Saved data entries
*-*-*

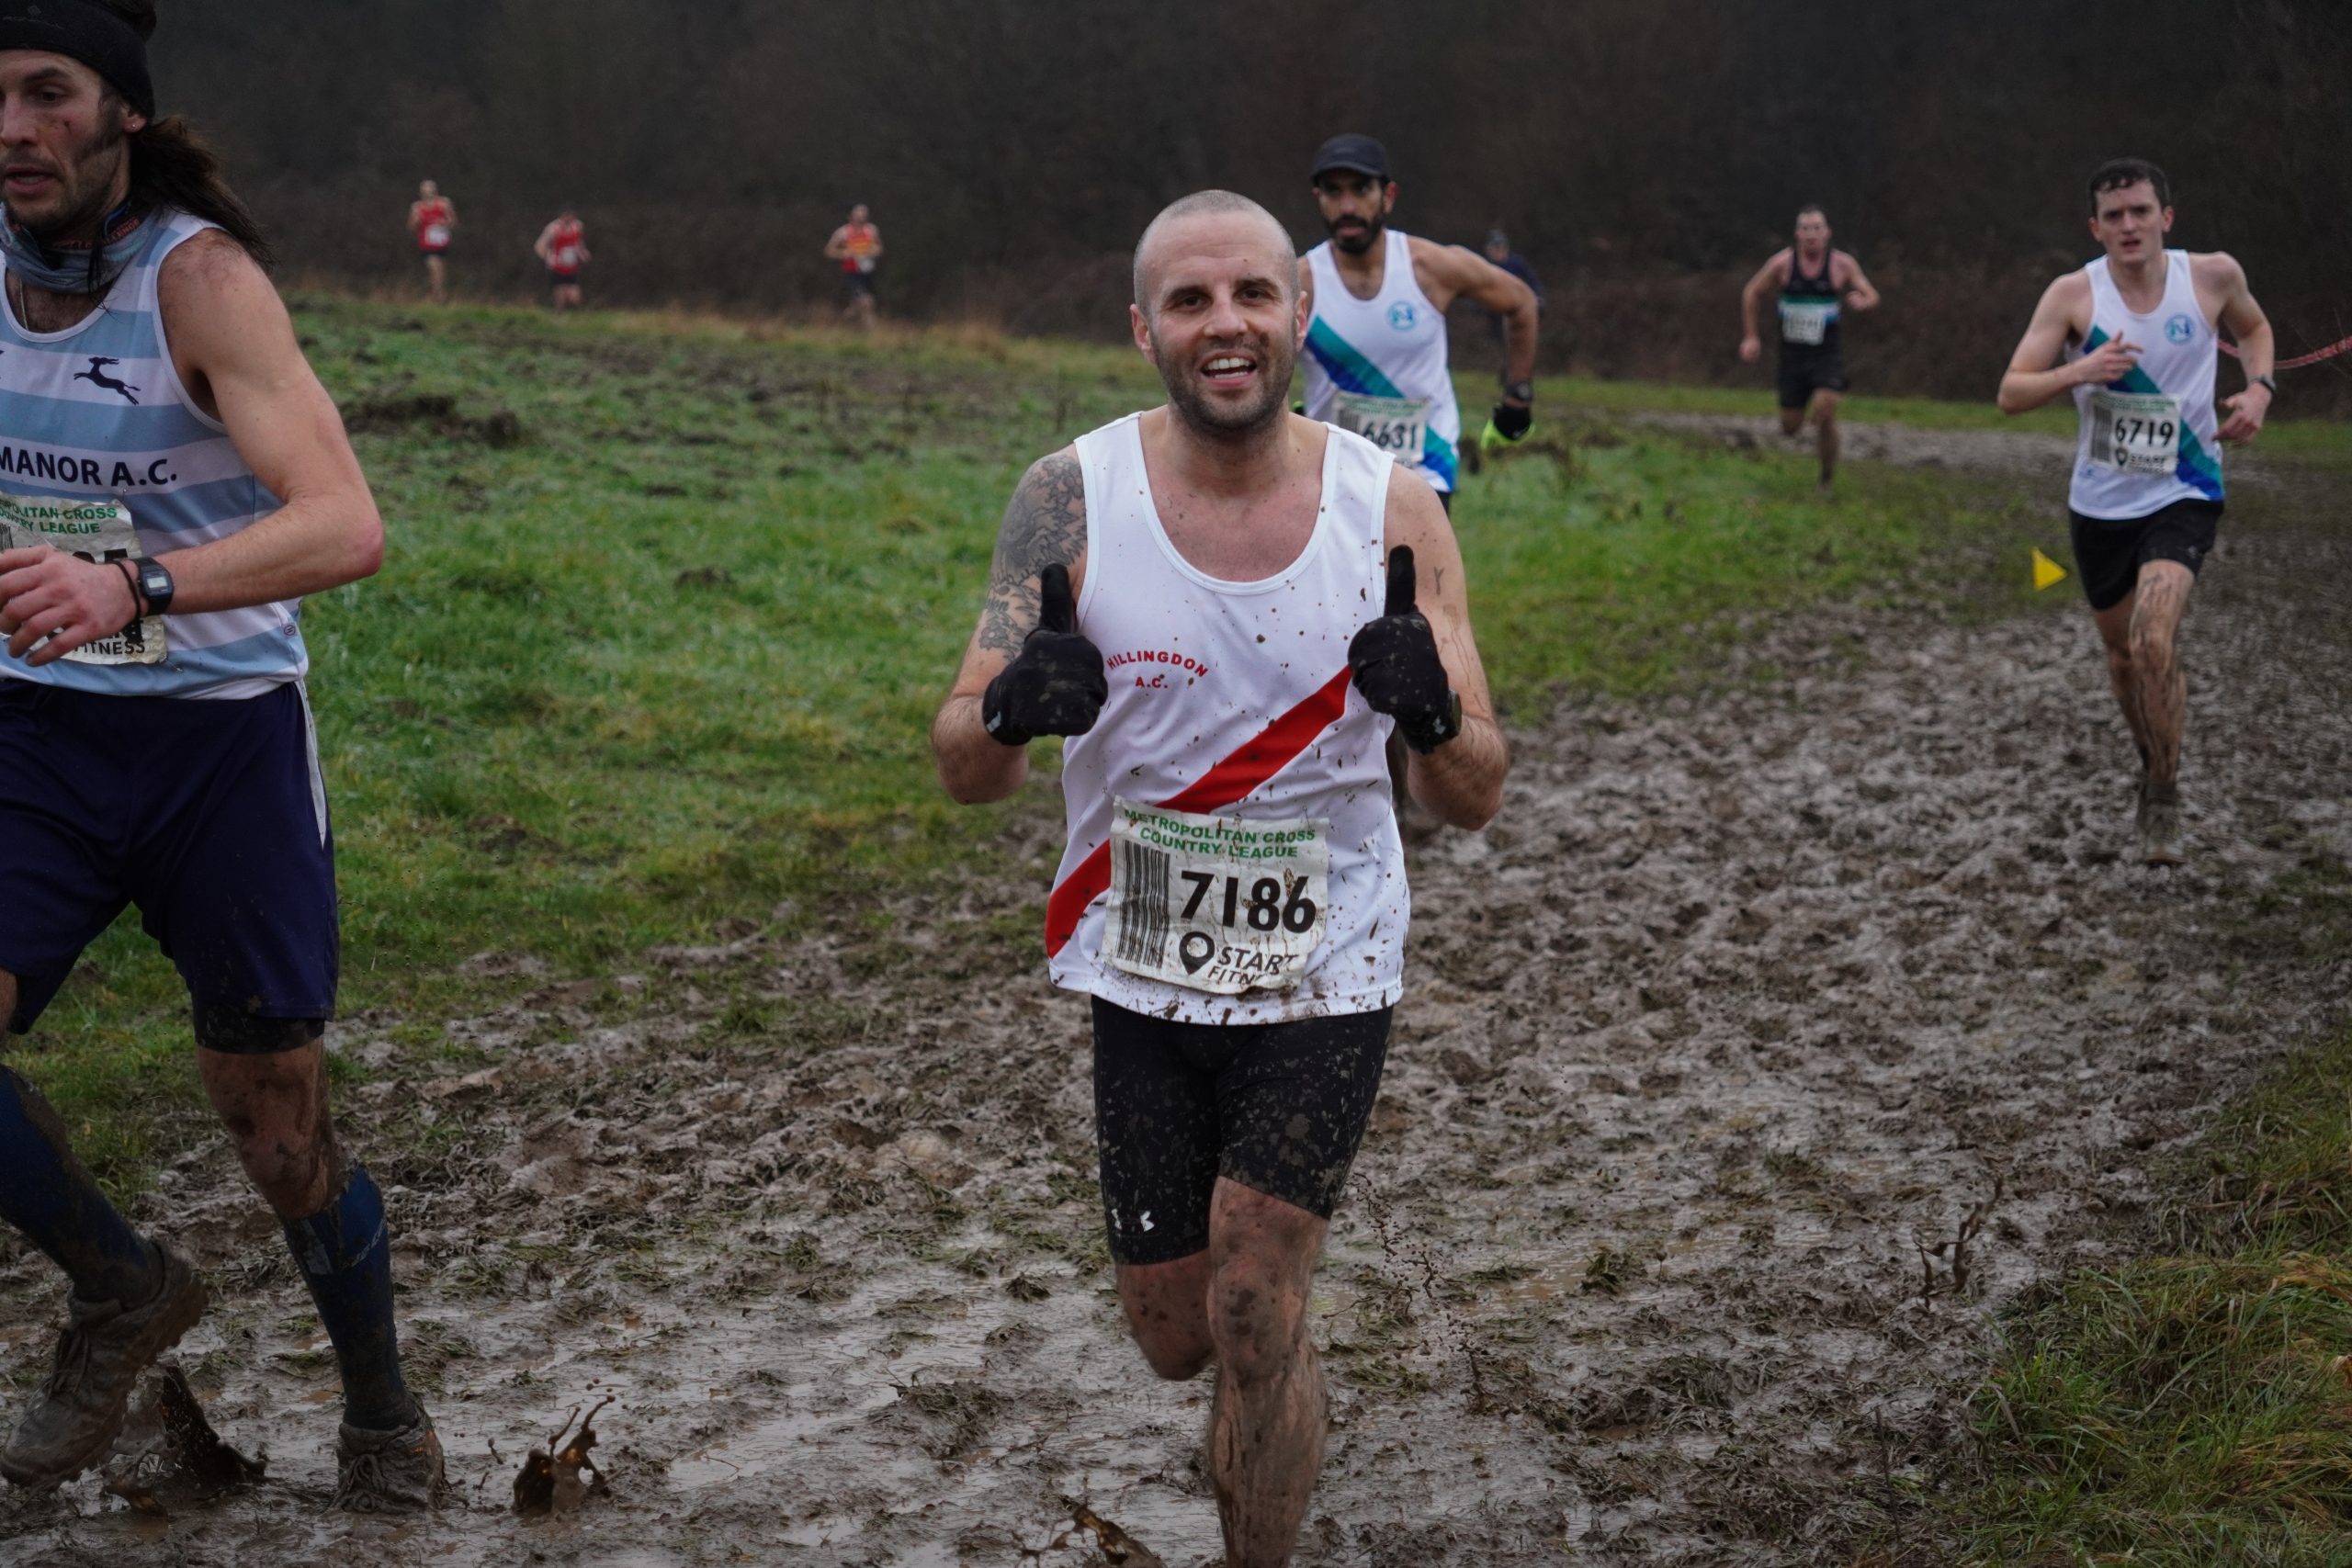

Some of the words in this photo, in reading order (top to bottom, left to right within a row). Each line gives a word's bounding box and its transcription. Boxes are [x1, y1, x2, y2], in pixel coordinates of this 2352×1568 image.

[1363, 422, 1417, 450] 6631
[2115, 417, 2175, 448] 6719
[0, 446, 103, 487] MANOR
[111, 458, 177, 488] A.C.
[40, 521, 101, 535] LEAGUE
[63, 507, 118, 521] CROSS
[1106, 650, 1209, 677] HILLINGDON
[1135, 676, 1169, 689] A.C.
[1124, 808, 1257, 843] METROPOLITAN
[1262, 829, 1316, 843] CROSS
[1140, 827, 1223, 854] COUNTRY
[1227, 845, 1298, 859] LEAGUE
[1180, 869, 1317, 934] 7186
[1217, 946, 1300, 975] START

*-*-*

(What you will do) Restate the records above verbatim. Pictures stay out.

(Answer space)
Some of the words in this photo, in reading order (top to bottom, left to right within a row). Each line gives a word's bounding box and its transcription. Boxes are [x1, y1, x2, y2], in pixel coordinates of this 2352×1568 image.

[1363, 422, 1417, 450] 6631
[2115, 417, 2175, 448] 6719
[0, 446, 103, 487] MANOR
[111, 458, 177, 488] A.C.
[40, 521, 101, 535] LEAGUE
[63, 507, 118, 521] CROSS
[1106, 650, 1209, 677] HILLINGDON
[1135, 676, 1169, 689] A.C.
[1124, 808, 1257, 843] METROPOLITAN
[1262, 829, 1316, 843] CROSS
[1140, 827, 1223, 854] COUNTRY
[1227, 845, 1298, 859] LEAGUE
[1180, 869, 1317, 934] 7186
[1217, 946, 1300, 975] START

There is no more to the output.